En la familia real británica suele ocurrir algo revelador: cuando todo va bien, nadie repara en los secundarios; pero cuando llega una crisis, una ruptura o un momento delicado, son ellos quienes sostienen la estructura. Ese es el caso de la princesa Ana y también de sus dos hijos, Peter y Zara. ¿Quién estuvo con Guillermo y Harry cuando el entonces príncipe Carlos se casó con Camilla? Un momento que, como se ha sabido con el tiempo, no fue fácil para los hermanos; fueron Peter y Zara los que les acompañaron en todo el recorrido público. ¿Quién fue la primera Windsor en dejarse ver con Kate Middleton para normalizar su noviazgo con el príncipe Guillermo? Zara.
¿Quién medió entre los príncipes Guillermo y Harry durante el funeral del duque de Edimburgo? Peter. ¿Quién ayudó a destensar el fugaz regreso de los Sussex a Londres? Peter y Zara. ¿Quién acompañó al príncipe Guillermo a Ascot cuando Kate Middleton estaba retirada por enfermedad? Zara. ¿Quién vela para que las princesas York no paguen por las decisiones tomadas por el príncipe Andres y Sarah Ferguson? Zara. Tanto por edad como forma de ser, también se nota en sus encuentros públicos, todo apunta a que el príncipe Guillermo se lleva muy bien con Zara y con Mike Tindall, mientras que el príncipe Harry pasó más tiempo durante su infancia con las princesas Beatriz y Eugenia de York, encajando mejor con esta última.
Zara Tindall aparece -y a menudo con un estilazo inconfundible, muy distinto al que tenía hace unos años y sumamente sofisticado- siempre donde hace falta, sin título, sin rango y sin pretensión, pero con una autoridad silenciosa que la convierte en la bisagra emocional de una familia dividida.

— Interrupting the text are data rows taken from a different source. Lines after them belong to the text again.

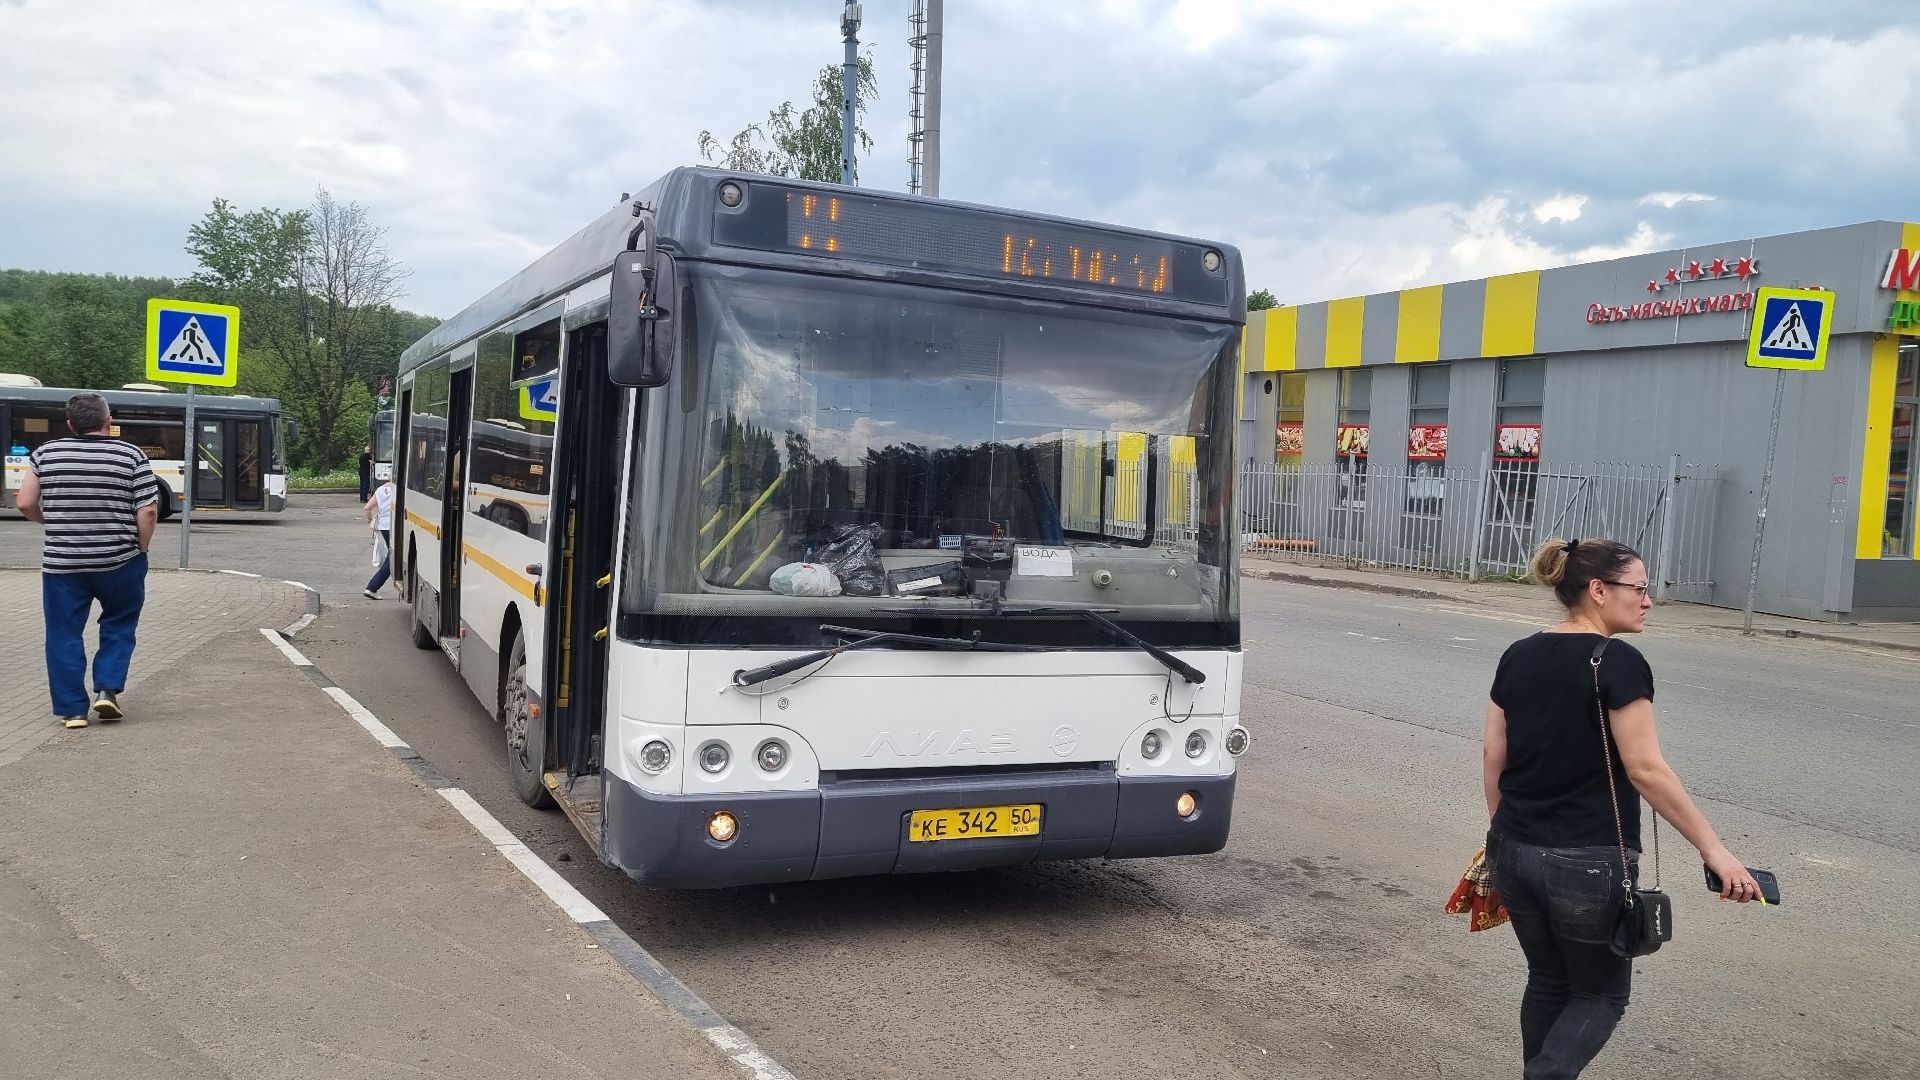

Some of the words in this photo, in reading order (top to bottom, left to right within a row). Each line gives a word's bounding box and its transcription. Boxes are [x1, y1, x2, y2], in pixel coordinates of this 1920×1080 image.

[1880, 248, 1920, 291] М
[1586, 303, 1628, 324] Сеть
[1629, 297, 1701, 320] мясных
[1705, 292, 1756, 312] мага
[958, 810, 998, 834] 342
[1010, 808, 1031, 825] 50
[1013, 825, 1029, 833] RUS
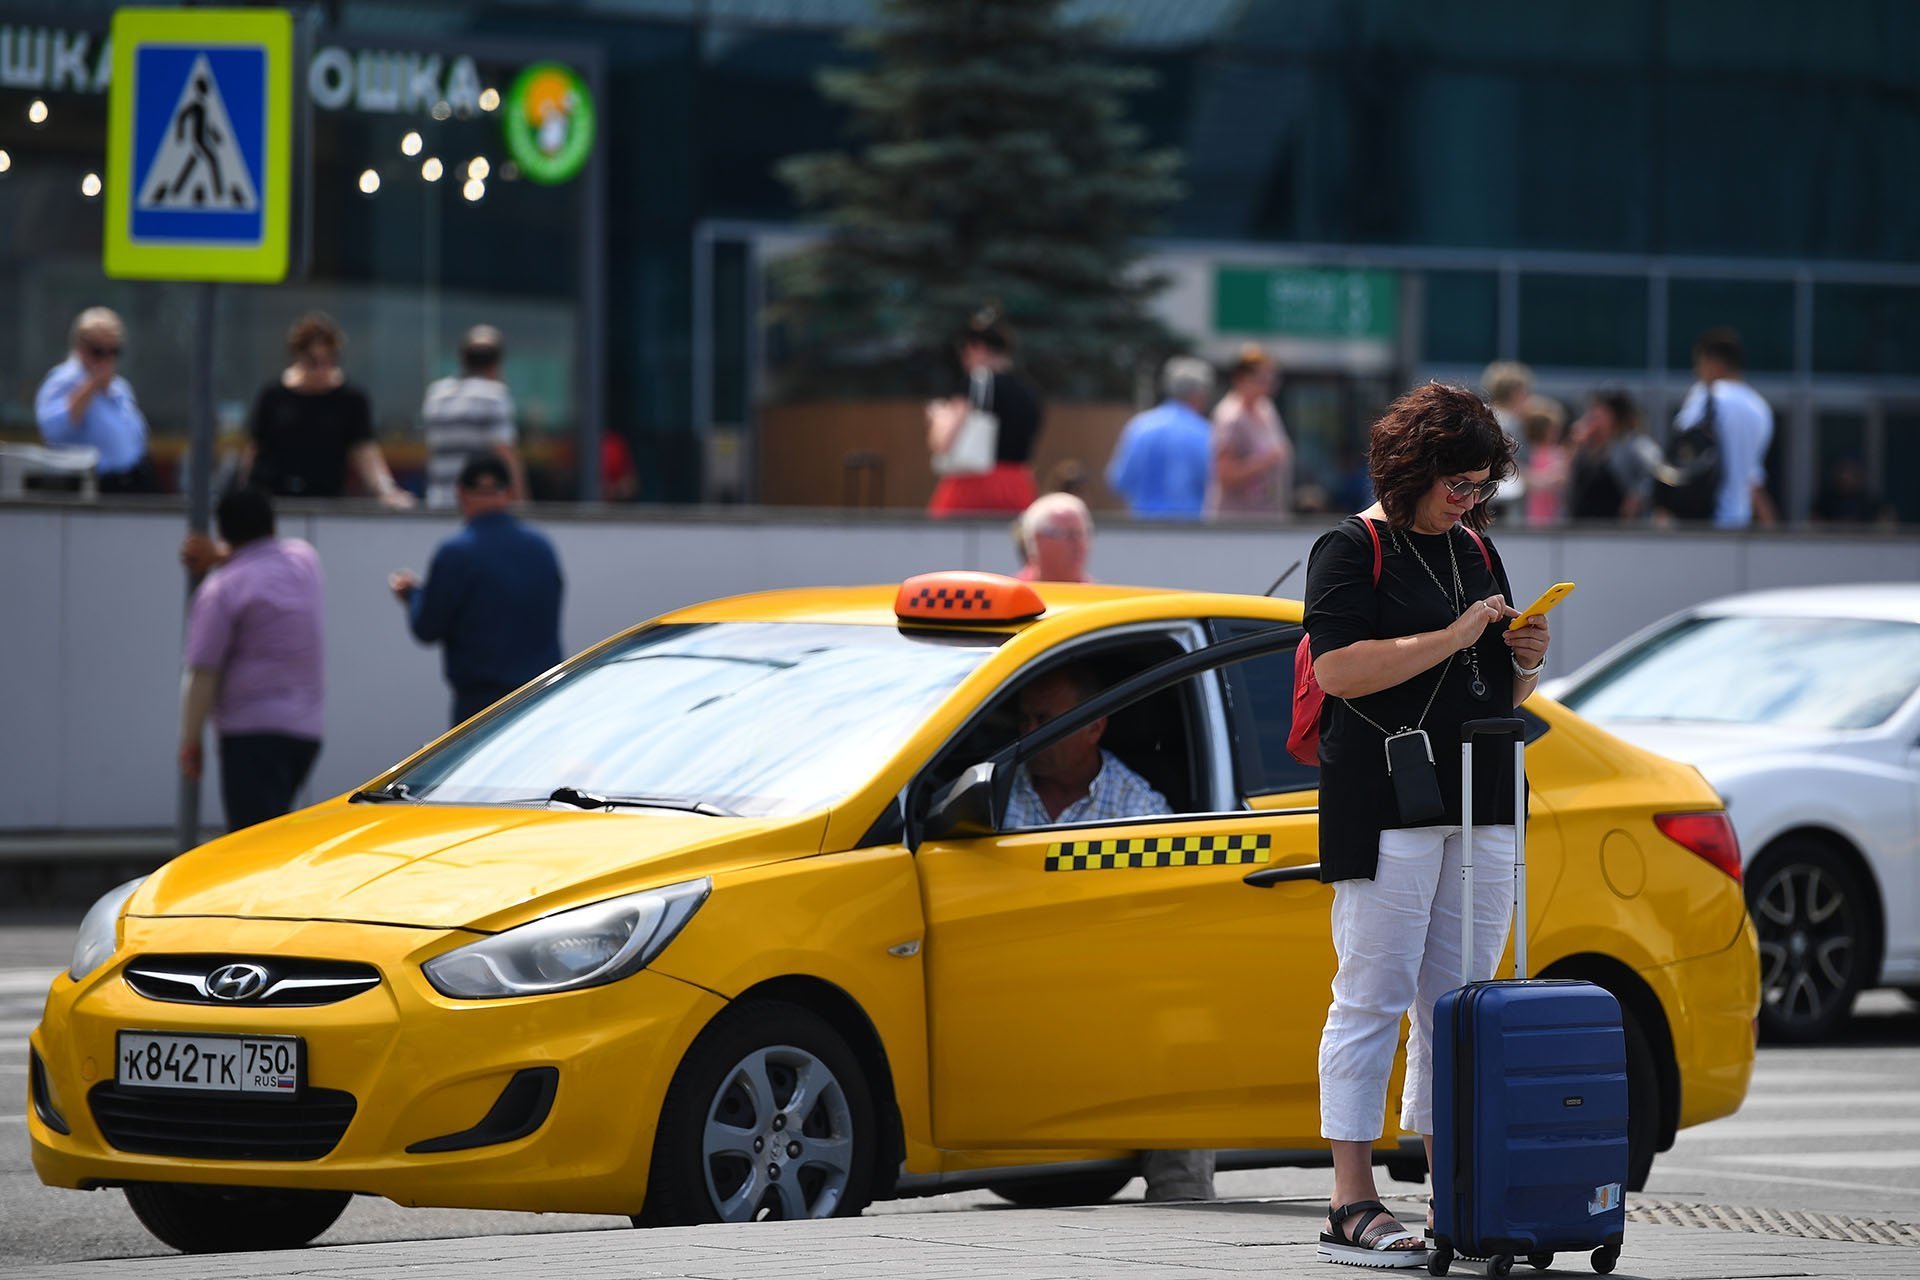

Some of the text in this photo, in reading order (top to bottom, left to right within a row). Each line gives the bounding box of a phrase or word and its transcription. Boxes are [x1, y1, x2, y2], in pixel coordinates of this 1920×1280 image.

Las últimas noticias, según Daily Mail, es que fue Zara Tindall la que convenció a Eugenia de York para comunicara su tercer embarazo, antes que nada, a su tío, el rey Carlos III, una muestra de que Zara, menos en el título, en todo lo demás es princesa de cuna y opera bajos los patrones de respeto soberano y obendiencia dinástica que se exigen en las monarquías, nada debe pasar en la casa del rey sin que el rey lo sepa y mucho menos comunicarse de forma pública.
Así se revelaba el papel de Zara, mientras se apuntaba a la intención de mediar entre sus primas York y el núcleo duro de la realeza británica, que, según el citado artículo, podría ser partidiario de la exclusión total de las princesas Eugenia y Beatriz de la vida pública. Un papel oficial que, al contrario que la princesa Ana, el príncipe Andrés siempre reclamó para su estirpe, convirtiéndolas en princesas británicas desde la cuna, situándolas en primera línea de la vida oficial y reclamando para ellas un papel de representación similiar al que tenían los príncipe Guillermo y Harry como nietos de Isabel II.

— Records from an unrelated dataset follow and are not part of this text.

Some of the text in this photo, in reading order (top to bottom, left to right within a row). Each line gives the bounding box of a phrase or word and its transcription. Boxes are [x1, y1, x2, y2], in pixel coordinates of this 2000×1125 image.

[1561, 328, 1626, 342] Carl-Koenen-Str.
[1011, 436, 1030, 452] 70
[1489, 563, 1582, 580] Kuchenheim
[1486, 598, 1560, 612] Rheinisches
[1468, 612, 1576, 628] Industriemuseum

Muestra de ello fue la presión que ejerció Andrés, todavía como príncipe e hijo favorito de Isabel II, para que la boda de Eugenia de York y Jack Brooksbank recibiera el mismo tratamiento que la de los duques de Sussex, incluida su retransmisión en directo. Quizá por esto, por esa vocación de llevar una vida pública, ahora las York se ven en una encrucijada que podrían haber esquivado si hubieran optado por la independencia. Mientras, Zara Tindall llega a los 45 años demostrando que no hace falta ser princesa para convertirse en la royal que mejor entiende el equilibrio entre la libertad personal y responsabilidad dinástica.